Co-pending and commonly owned application Ser. No. 10/642,376 filed Aug. 14, 2003 and titled “System, Tools and Method for Viewing Textual Documents, Extracting Knowledge Therefrom and Converting the Knowledge into Other Forms of Representation of the Knowledge” describes conversion of text to the local format using an interactive text viewing tool. This tool can automatically identify and extract entities and relationships found in a passage of text, and then provide an interface by which a user can interactively refine and disambiguate the extracted knowledge, which the present invention converts to a local format, thereby greatly improving the accuracy and reliability of the knowledge generated, as a result of the process. The local format serves as a structured way for the user to review and encode the relevant knowledge contained in scientific text. It also serves as a biological object model that can be manipulated by other computational tools. Application Ser. No. 10/642,376 is hereby incorporated by reference herein, in its entirety, by reference thereto.

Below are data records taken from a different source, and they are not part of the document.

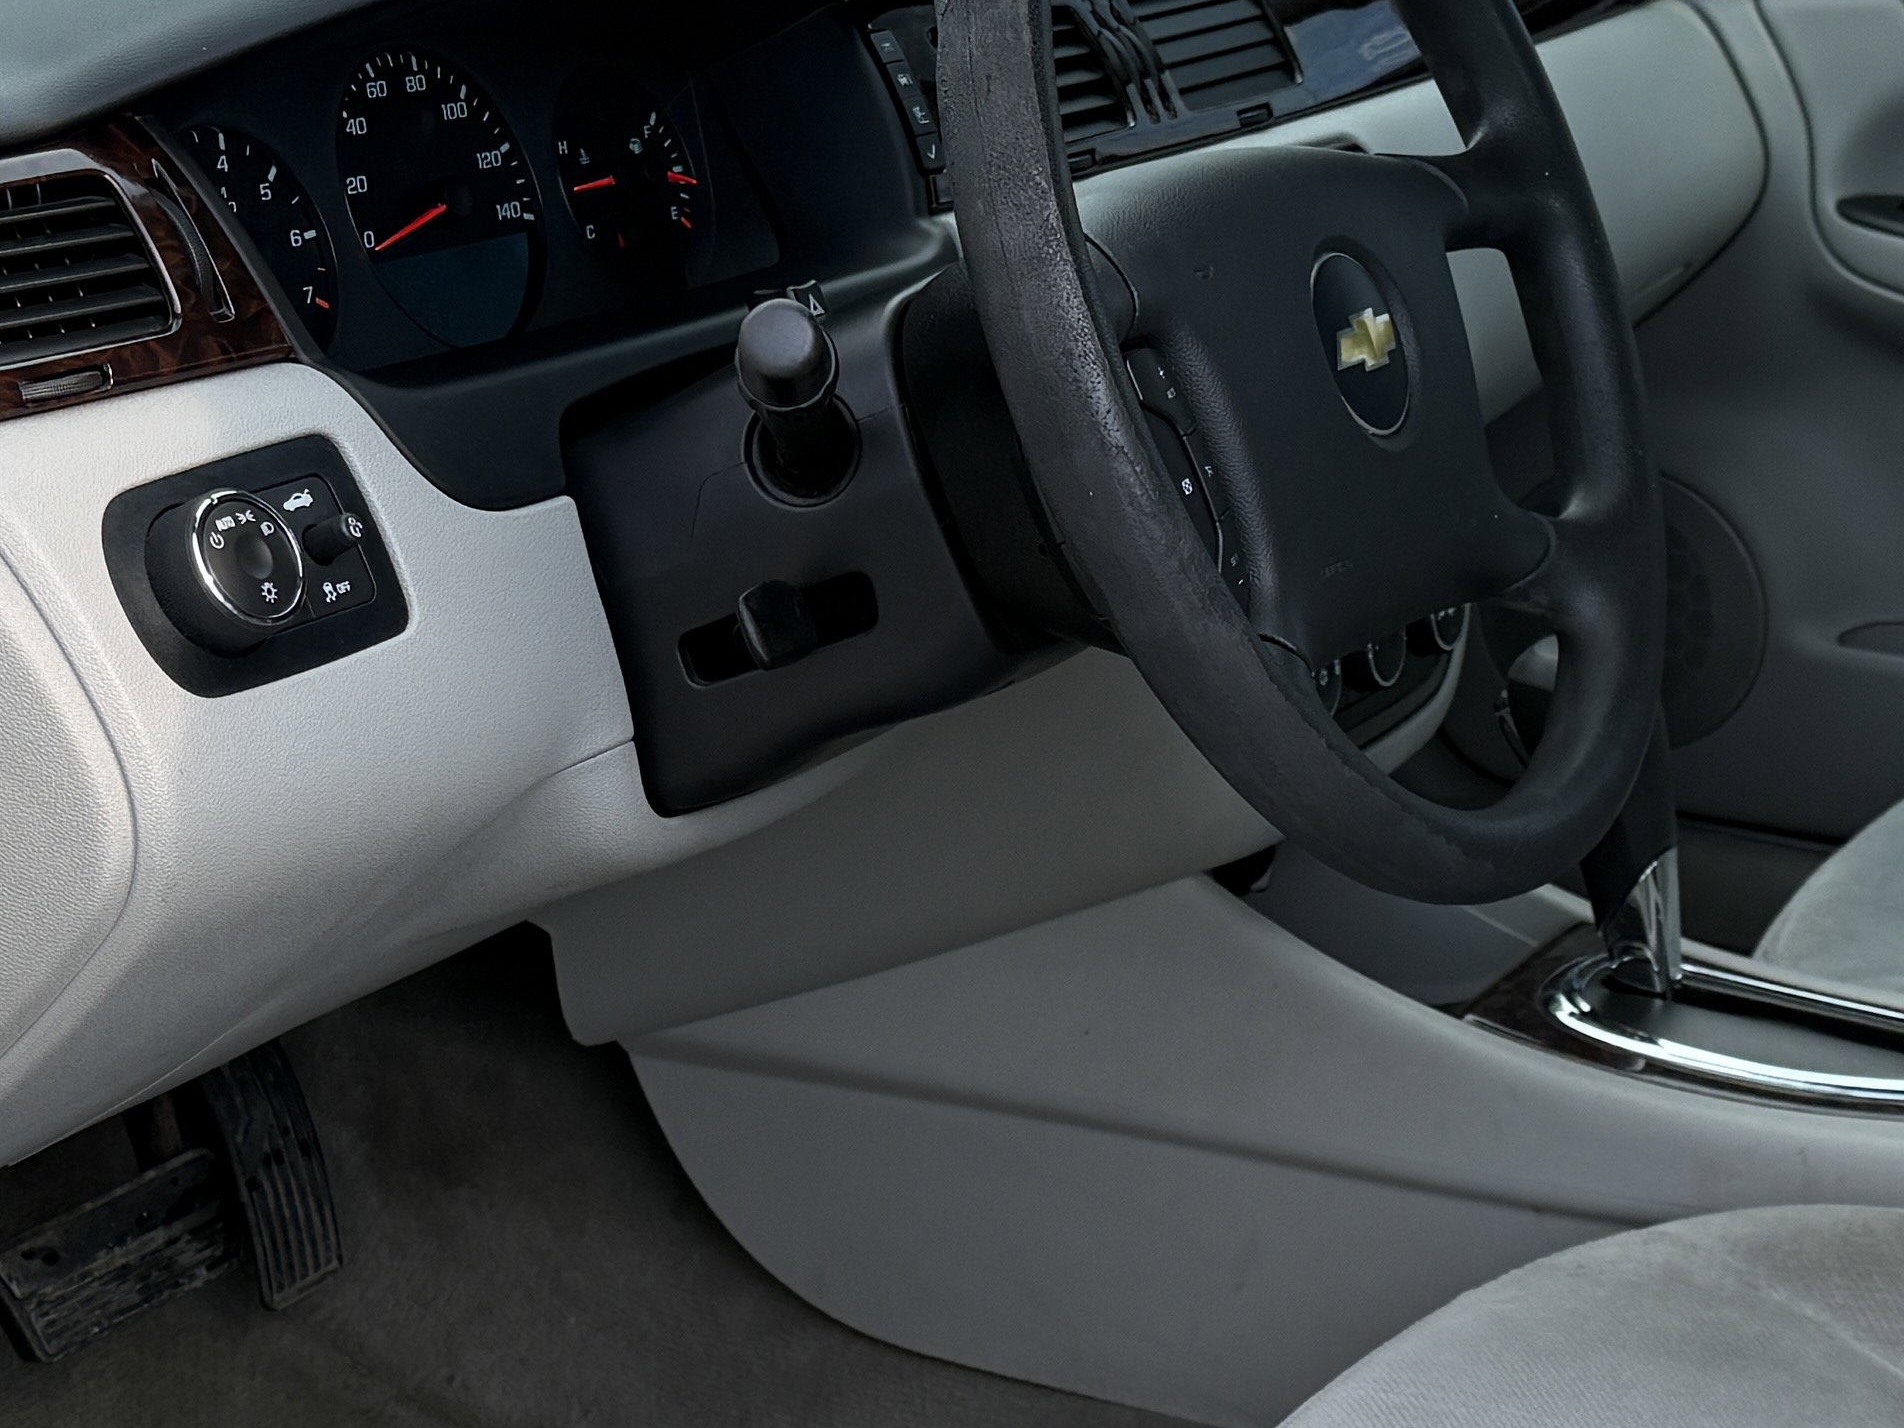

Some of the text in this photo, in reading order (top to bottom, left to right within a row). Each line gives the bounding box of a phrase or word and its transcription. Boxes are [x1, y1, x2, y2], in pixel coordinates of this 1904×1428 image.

[366, 80, 387, 98] 60
[405, 75, 426, 92] 80
[441, 102, 468, 120] 100
[346, 117, 367, 135] 40
[558, 140, 568, 155] H
[216, 155, 228, 172] 4
[476, 150, 502, 169] 120
[259, 183, 272, 200] 5
[346, 175, 368, 194] 20
[496, 201, 521, 220] 140
[670, 206, 679, 220] E
[290, 229, 302, 247] 6
[363, 230, 375, 248] 0
[586, 225, 596, 239] C
[303, 286, 313, 304] 7

Co-pending and commonly assigned application Ser. No. 10/641,492 filed Aug. 14, 2003 and titled “Method and System for Importing, Creating and/or Manipulating Biological Diagrams” discloses systems and methods for mapping biological concepts and relationships to regions, on graphical images that have biological semantic meaning, where those concepts and relationships are located. Such superimposition allows researchers to examine their data of interest in the form that they prefer (e.g., native data format, text format or graphical format) in the context of previously defined knowledge which is represented by the diagram. Moreover, such an overlay can allow for easy understanding of data with respect to a static model represented by the diagram.
Biological diagrams may be generated from a variety of input formats. The system may import graph data structures from pre-existing databases, for example. Separate import modules may serve on a database-specific basis to allow a biological diagram to be created given information in the format of each such specific database. A collection of local format objects may be imported to the system to construct a biological diagram. Diagrams created and/or imported by the present system may be saved and loaded.

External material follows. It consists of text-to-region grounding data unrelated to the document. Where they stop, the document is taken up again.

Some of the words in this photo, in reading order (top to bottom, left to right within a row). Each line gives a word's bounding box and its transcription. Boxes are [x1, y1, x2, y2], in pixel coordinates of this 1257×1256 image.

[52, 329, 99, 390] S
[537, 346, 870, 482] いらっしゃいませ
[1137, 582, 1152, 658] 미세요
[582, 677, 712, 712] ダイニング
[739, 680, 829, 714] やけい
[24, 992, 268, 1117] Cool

Another functionality provided is the ability to import static graphical images and convert them to interactive biological diagrams. For example, a system may process an image of a biological diagram and determine a mapping to the coordinates of biological concepts found in the graphic. As noted above, the system can process diagrams from virtually any source. Examples of such sources include, but are by no means limited to: Boehringer-Mannheim charts, Kyoto Encyclopedia of Genes and Genomes (KEGG), and directed acyclic graphs of the Gene Ontology (GO) classification scheme. The system may also simultaneously make use of a combination of diagrams from a single source or a combination of sources. Further details and capabilities of the above-described systems and methods are found in application Ser. No. 10/641,492, which is hereby incorporated herein, in its entirety, by reference thereto.

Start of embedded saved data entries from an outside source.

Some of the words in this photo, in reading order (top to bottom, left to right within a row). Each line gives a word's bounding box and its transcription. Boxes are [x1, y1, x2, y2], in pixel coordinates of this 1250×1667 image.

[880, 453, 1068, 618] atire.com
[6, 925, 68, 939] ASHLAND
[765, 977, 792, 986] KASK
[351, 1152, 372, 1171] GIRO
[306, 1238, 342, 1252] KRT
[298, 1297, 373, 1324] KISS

Co-pending, commonly assigned application Ser. No. 10/784,523 filed on Feb. 23, 2004 and titled “System, Tools and Method for Constructing Interactive Biological Diagrams” provides a visual grammar, to accompany the local format, and to represent interrelationships amongst biological entities and activities. The visual grammar is based upon a library of stencils that graphically represent common types of biological entities and connections between them. The present invention also provides lightweight software tools for composing and editing the stencils, as well as tools for linking the elements of stencils, and their values, to other data elements, datasets, and the local format. Stencils may be comprised of graphical elements, such as shapes (e.g. rectangles, ovals), lines, arcs, arrows, and text. These elements have biological semantics; that is, elements represent types of biological entities, such as genes, proteins, RNA, metabolites, compounds, drugs, complexes, cell, tissue, organisms, biological relationship, disease, or the like.
The biological semantics facilitate linking of the stencils with other forms of biological data. Further, stencils represent composites of biological activity, and therefore may function like “macros” for easier and more rapid building of biological diagrams. Stencils permit two-way interactions between textual documents and diagrams, or between diagrams and other forms of data such as experimental data, for example. Further stencils support user-controlled graphical exploration of alternatives, such as alternatives to pre-existing diagrams. Stencils may be used collaboratively among multiple users, whether by providing a blank set of stencils as a starter template, sharing of filled-in stencils, collaboratively filling in stencils, or any combination of these. Further details about stencils and systems for building biological diagrams are found in application Ser. No. 10/784,523, which is hereby incorporated herein, in its entirety, by reference thereto.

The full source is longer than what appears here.